▶ WORK INSTRUCTION
Every record below is to be retyped exactly, with any pictures left out.
*** Opening of RECORDS TO PROCESS ***
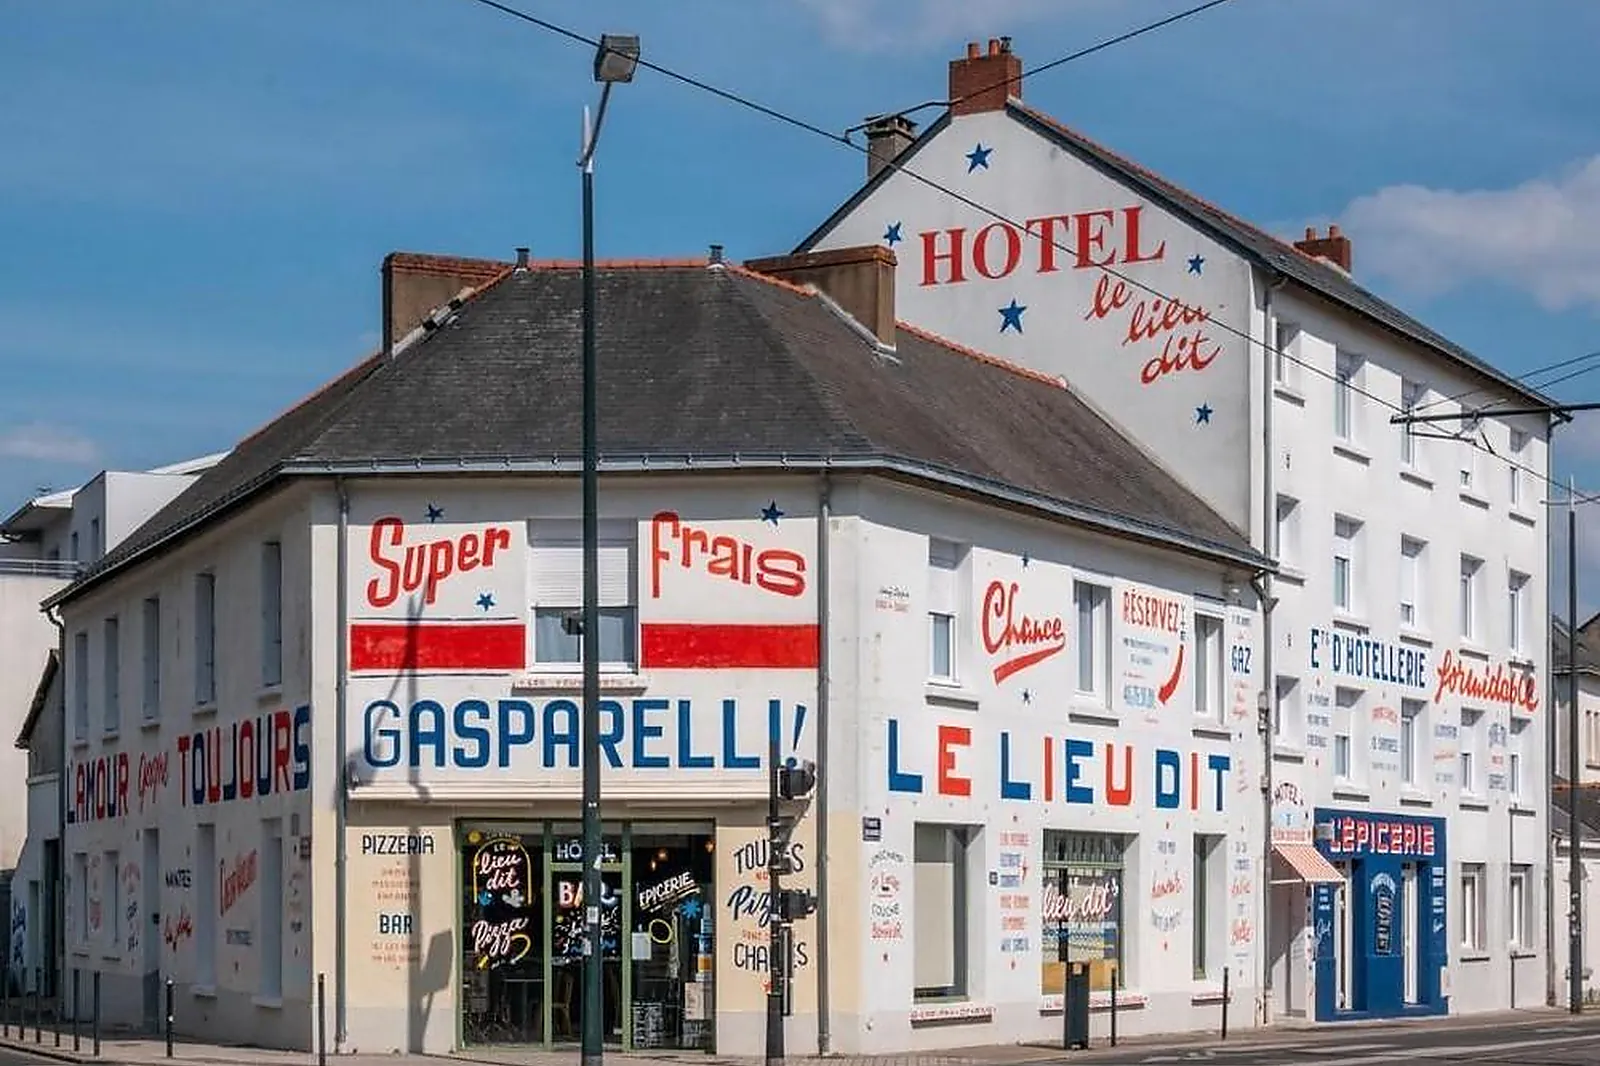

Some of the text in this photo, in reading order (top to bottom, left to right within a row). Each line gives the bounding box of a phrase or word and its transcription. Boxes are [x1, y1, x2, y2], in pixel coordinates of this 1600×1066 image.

[918, 206, 1166, 287] HOTEL
[1085, 274, 1131, 321] le
[1122, 299, 1212, 347] lieu
[1141, 330, 1221, 384] dit
[367, 516, 511, 608] Super
[982, 580, 1065, 655] Chance
[1122, 588, 1179, 632] RÉSERVEZ
[1231, 645, 1251, 674] GAZ
[1434, 649, 1539, 712] formidable
[66, 752, 129, 824] L'AMOUR
[178, 703, 311, 808] TOUJOURS
[887, 719, 1231, 811] LE LIEU DIT
[362, 834, 434, 855] PIZZERIA
[556, 839, 617, 860] HÔL
[733, 840, 804, 875] TOUS
[379, 914, 413, 935] BAR
*** Close of RECORDS TO PROCESS ***
▶ WRITTEN ANSWER
Some of the text in this photo, in reading order (top to bottom, left to right within a row). Each line gives the bounding box of a phrase or word and its transcription. Boxes are [x1, y1, x2, y2], in pixel coordinates of this 1600×1066 image.

[918, 206, 1166, 287] HOTEL
[1085, 274, 1131, 321] le
[1122, 299, 1212, 347] lieu
[1141, 330, 1221, 384] dit
[367, 516, 511, 608] Super
[982, 580, 1065, 655] Chance
[1122, 588, 1179, 632] RÉSERVEZ
[1231, 645, 1251, 674] GAZ
[1434, 649, 1539, 712] formidable
[66, 752, 129, 824] L'AMOUR
[178, 703, 311, 808] TOUJOURS
[887, 719, 1231, 811] LE LIEU DIT
[362, 834, 434, 855] PIZZERIA
[556, 839, 617, 860] HÔL
[733, 840, 804, 875] TOUS
[379, 914, 413, 935] BAR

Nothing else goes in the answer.